Quote the records beneath, complete and exact. Leave out images.
[[ Dataset records open ]]
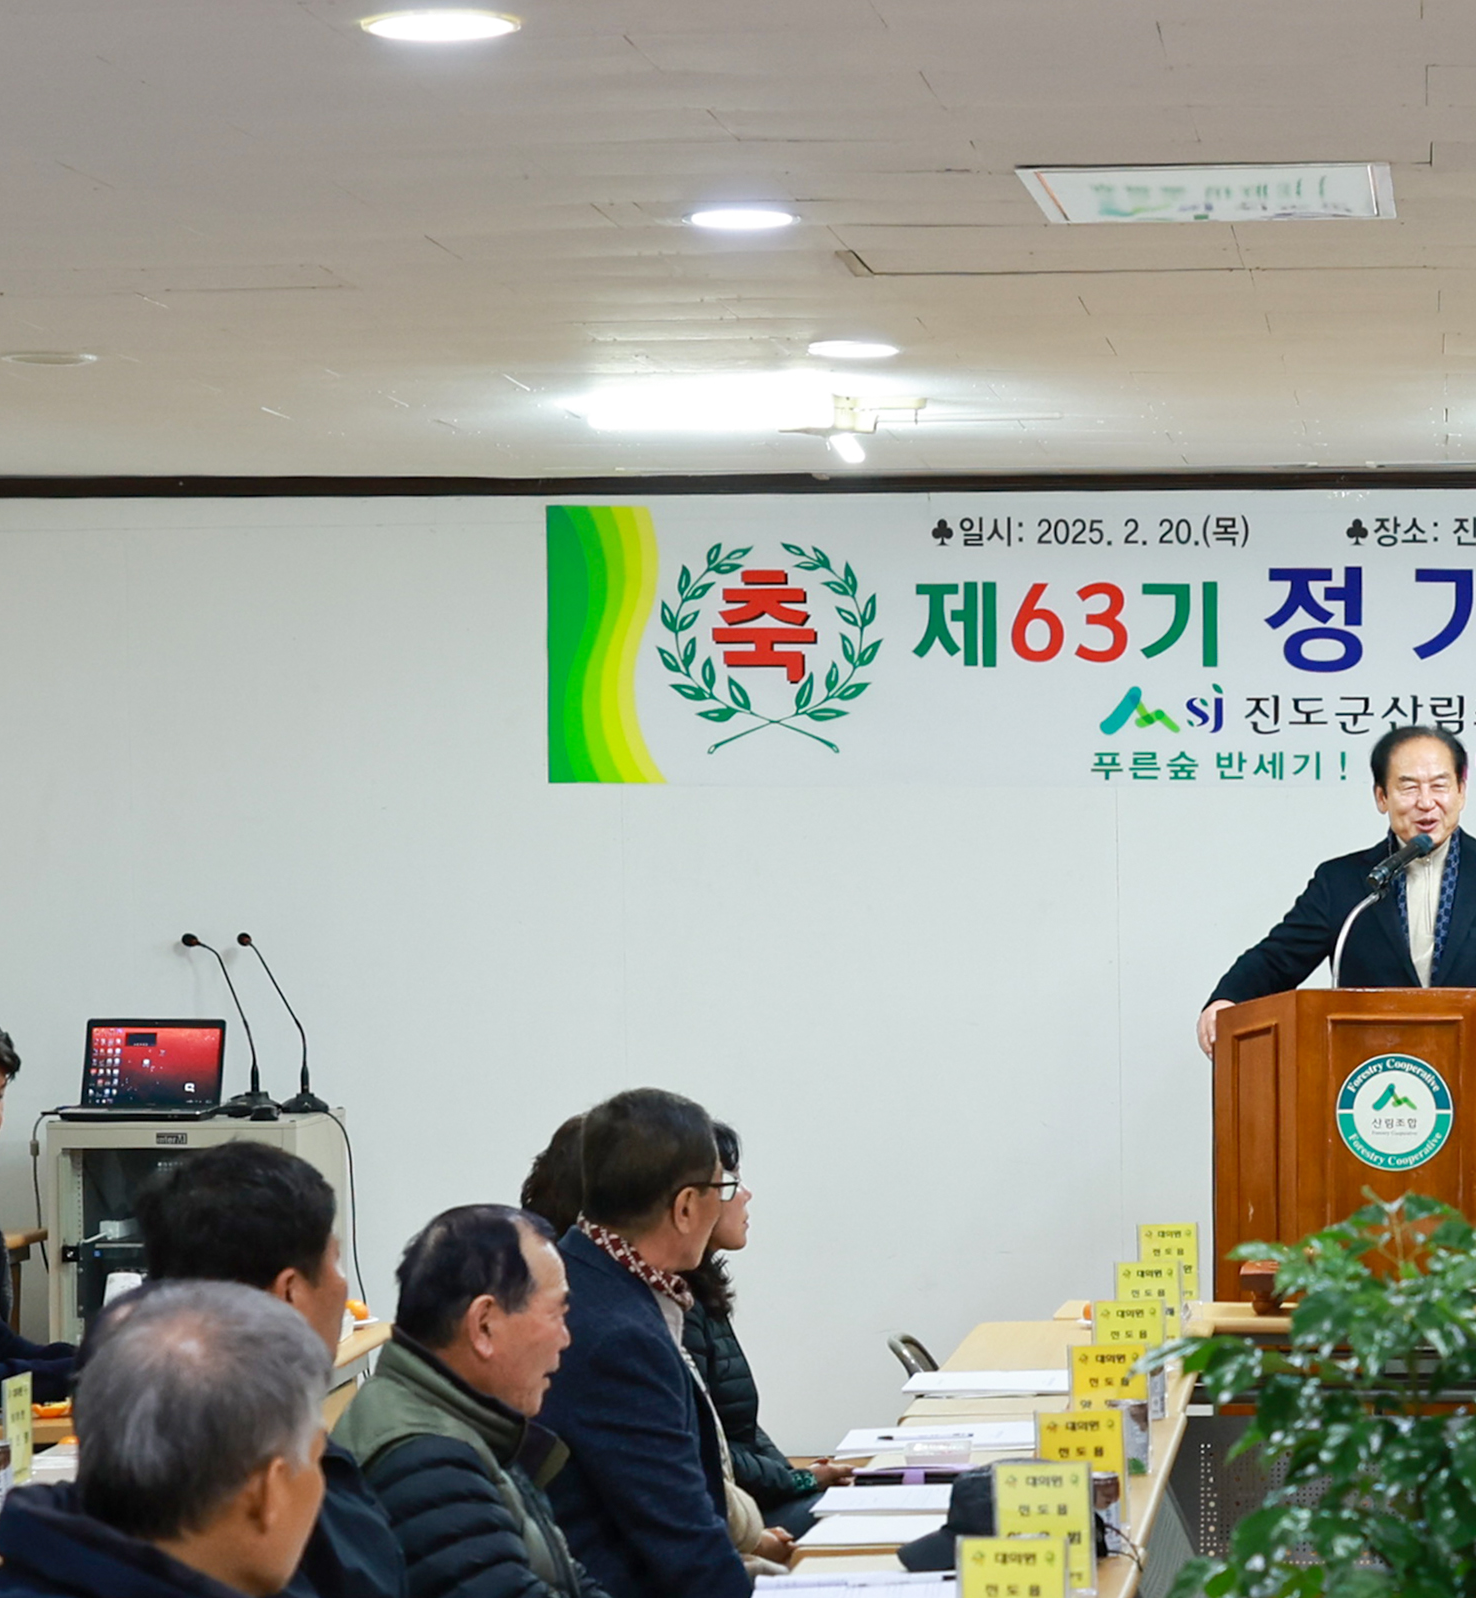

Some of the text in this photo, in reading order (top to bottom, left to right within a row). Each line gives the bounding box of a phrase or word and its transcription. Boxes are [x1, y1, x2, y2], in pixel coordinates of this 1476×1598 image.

[960, 515, 1249, 547] 일시: 2025. 2. 20.(목)
[1374, 516, 1438, 547] 장소:
[711, 569, 818, 684] 축
[912, 581, 1218, 667] 제63기
[1091, 751, 1198, 780] 푸른숲
[1346, 1058, 1440, 1093] Forestry Cooperative
[1372, 1118, 1417, 1129] 산림조합
[1348, 1132, 1442, 1166] Forestry Cooperative
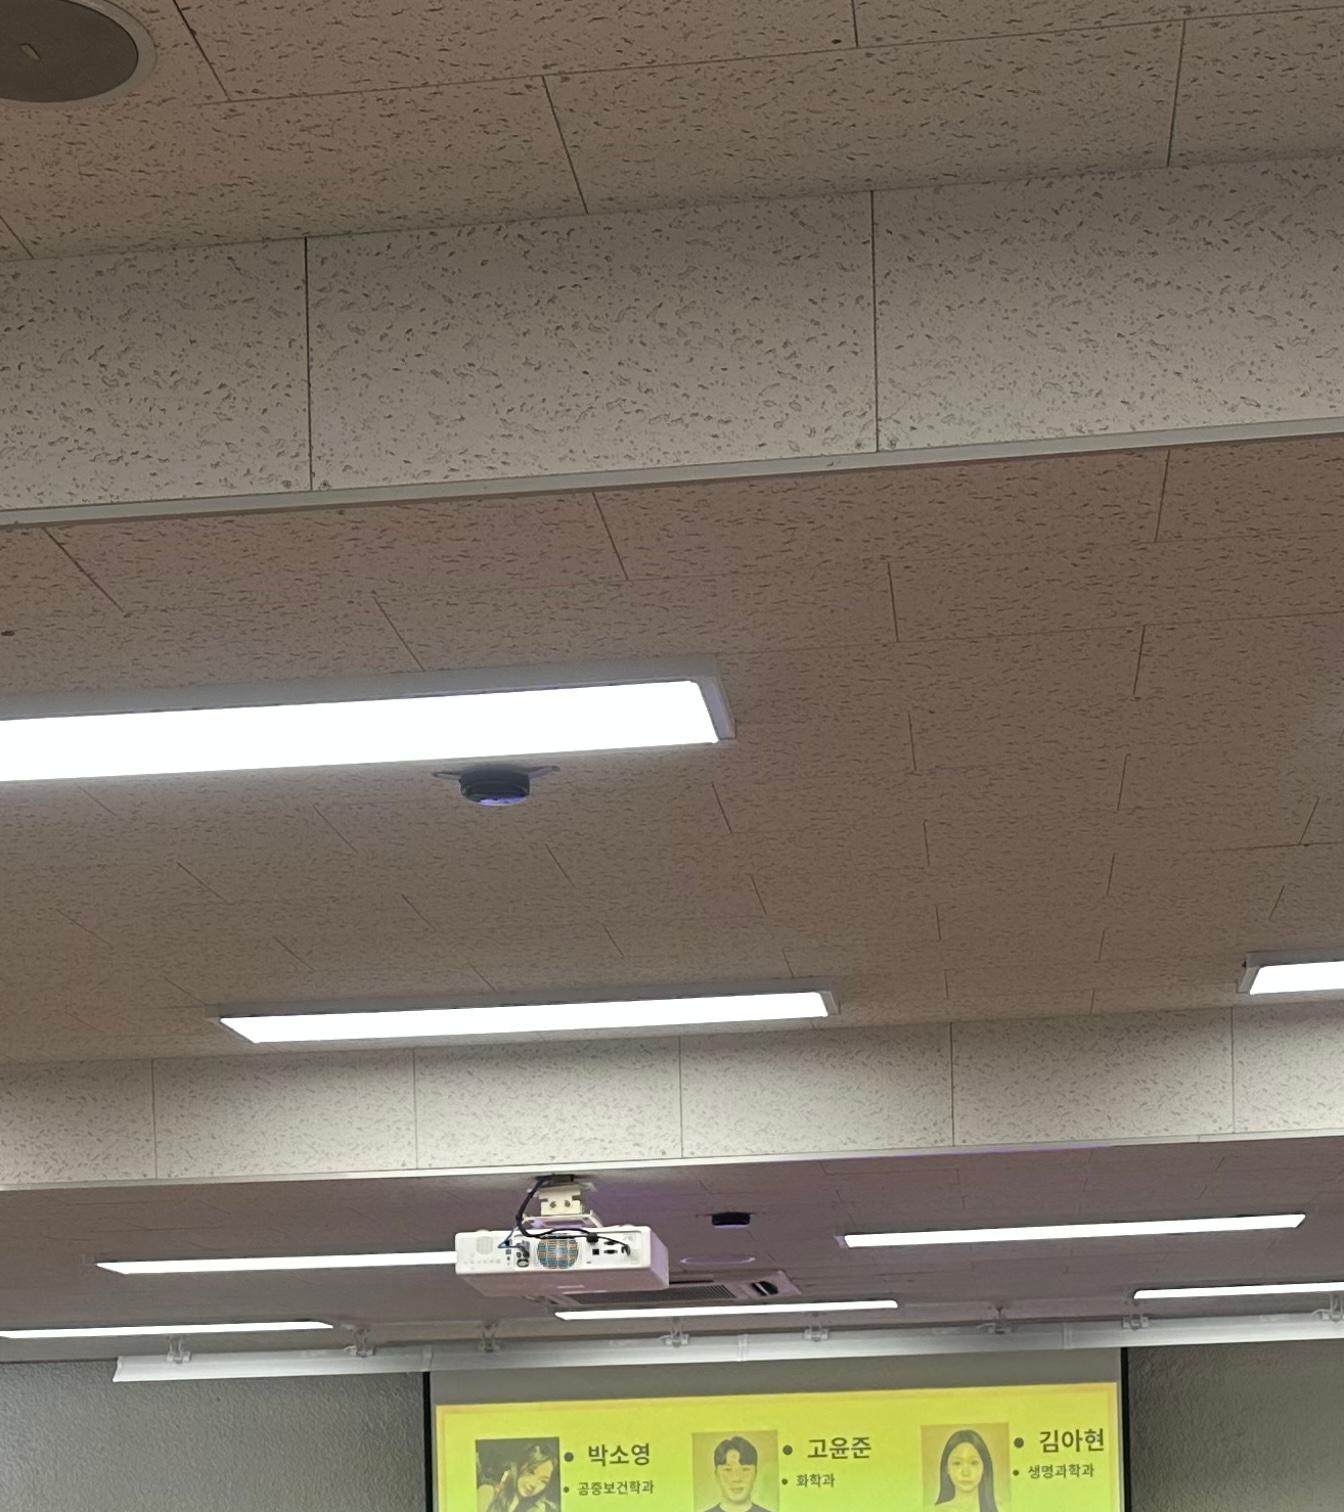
[[ Dataset records closed ]]
— Result of this task —
Some of the text in this photo, in reading order (top to bottom, left to right within a row). Each line gives the bounding box of a phrase or word and its transcription. Boxes are [x1, y1, x2, y2], in pixel coordinates of this 1476×1598 image.

[960, 515, 1249, 547] 일시: 2025. 2. 20.(목)
[1374, 516, 1438, 547] 장소:
[711, 569, 818, 684] 축
[912, 581, 1218, 667] 제63기
[1091, 751, 1198, 780] 푸른숲
[1346, 1058, 1440, 1093] Forestry Cooperative
[1372, 1118, 1417, 1129] 산림조합
[1348, 1132, 1442, 1166] Forestry Cooperative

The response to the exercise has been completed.